BEGIN Provided data
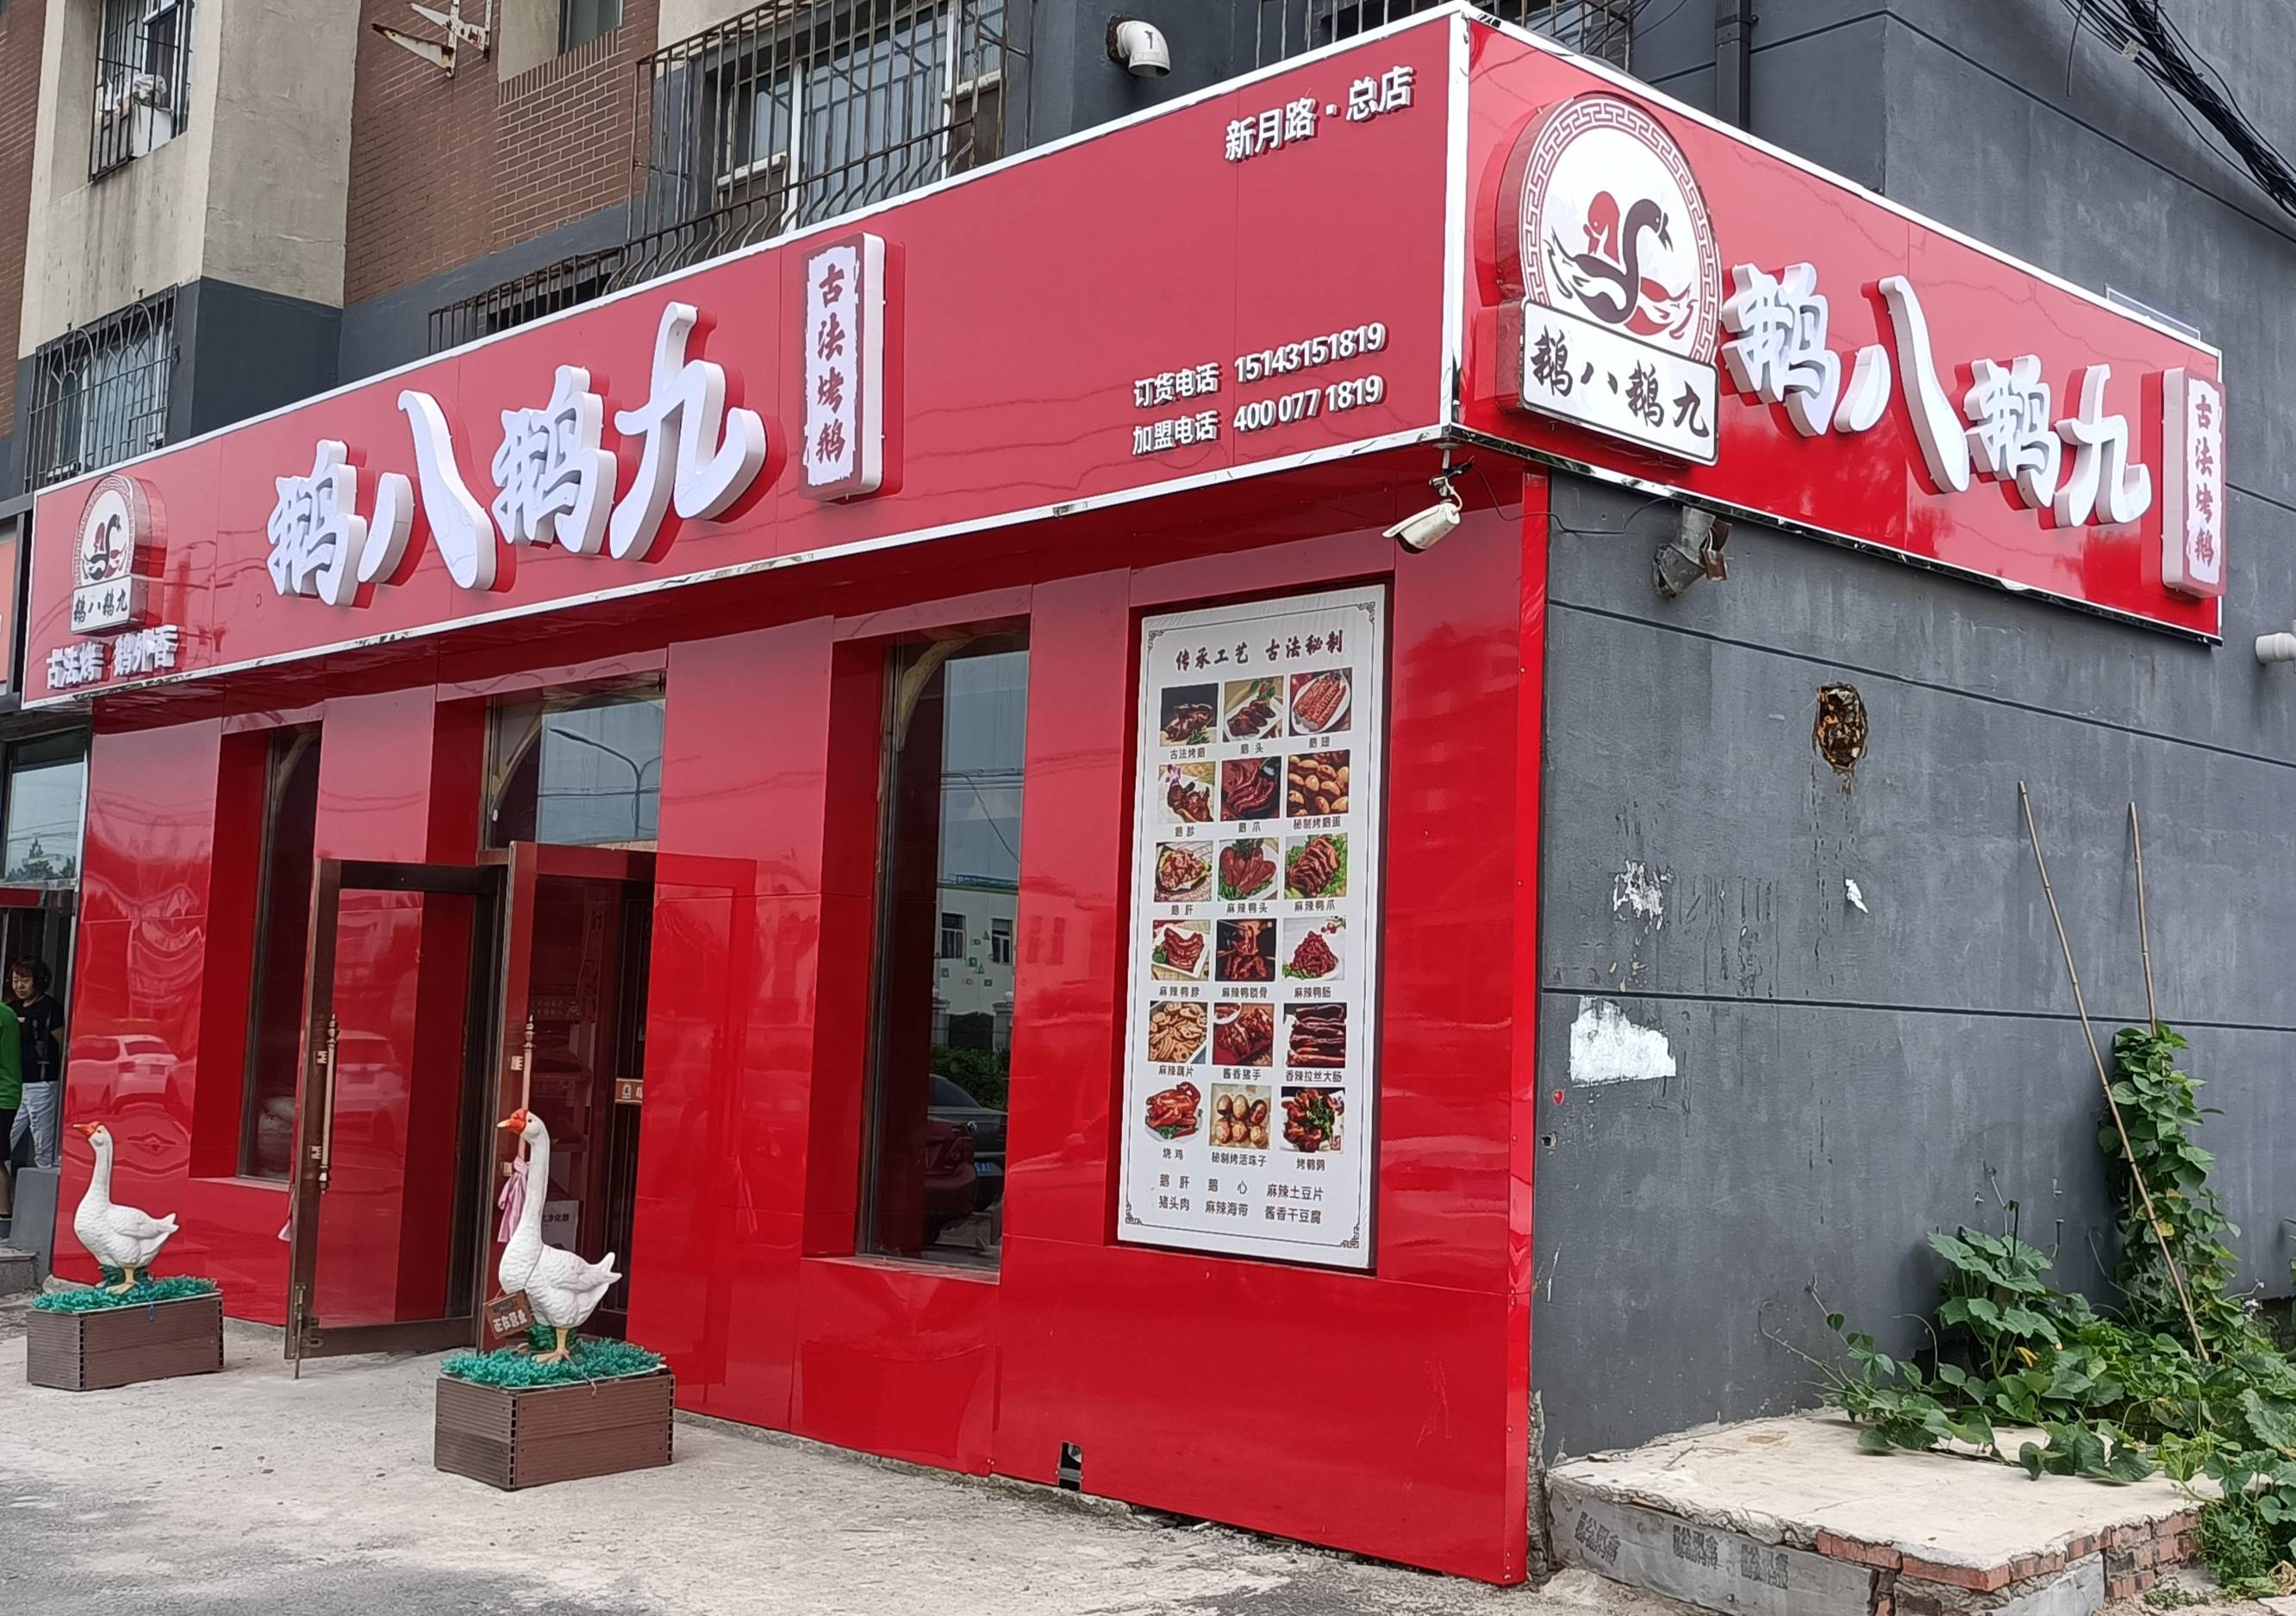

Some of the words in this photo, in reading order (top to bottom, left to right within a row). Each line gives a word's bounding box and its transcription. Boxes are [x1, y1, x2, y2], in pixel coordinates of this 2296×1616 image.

[815, 263, 845, 463] 古法烤鹅
[1133, 361, 1220, 408] 订货电话
[1234, 322, 1388, 384] 15143151819
[1132, 410, 1219, 456] 加盟电话
[1233, 399, 1273, 432] 400
[1277, 388, 1320, 423] 077
[1325, 375, 1385, 411] 1819
[2194, 394, 2215, 567] 古法烤鹅
[46, 641, 104, 689] 古法烤
[1175, 641, 1249, 671] 传承工艺
[1265, 630, 1344, 661] 古法秘制
[1226, 902, 1268, 914] 麻辣鸭头
[1158, 1195, 1190, 1212] 猪头肉
[1205, 1201, 1249, 1217] 麻辣海带
[1266, 1183, 1324, 1201] 麻辣土豆片
[1264, 1206, 1321, 1225] 酱香干豆腐
END Provided data
About this exercise:
Copy the listing above exactly, minus the pictures.

Solved exercise:
Some of the words in this photo, in reading order (top to bottom, left to right within a row). Each line gives a word's bounding box and its transcription. Boxes are [x1, y1, x2, y2], in pixel coordinates of this 2296×1616 image.

[815, 263, 845, 463] 古法烤鹅
[1133, 361, 1220, 408] 订货电话
[1234, 322, 1388, 384] 15143151819
[1132, 410, 1219, 456] 加盟电话
[1233, 399, 1273, 432] 400
[1277, 388, 1320, 423] 077
[1325, 375, 1385, 411] 1819
[2194, 394, 2215, 567] 古法烤鹅
[46, 641, 104, 689] 古法烤
[1175, 641, 1249, 671] 传承工艺
[1265, 630, 1344, 661] 古法秘制
[1226, 902, 1268, 914] 麻辣鸭头
[1158, 1195, 1190, 1212] 猪头肉
[1205, 1201, 1249, 1217] 麻辣海带
[1266, 1183, 1324, 1201] 麻辣土豆片
[1264, 1206, 1321, 1225] 酱香干豆腐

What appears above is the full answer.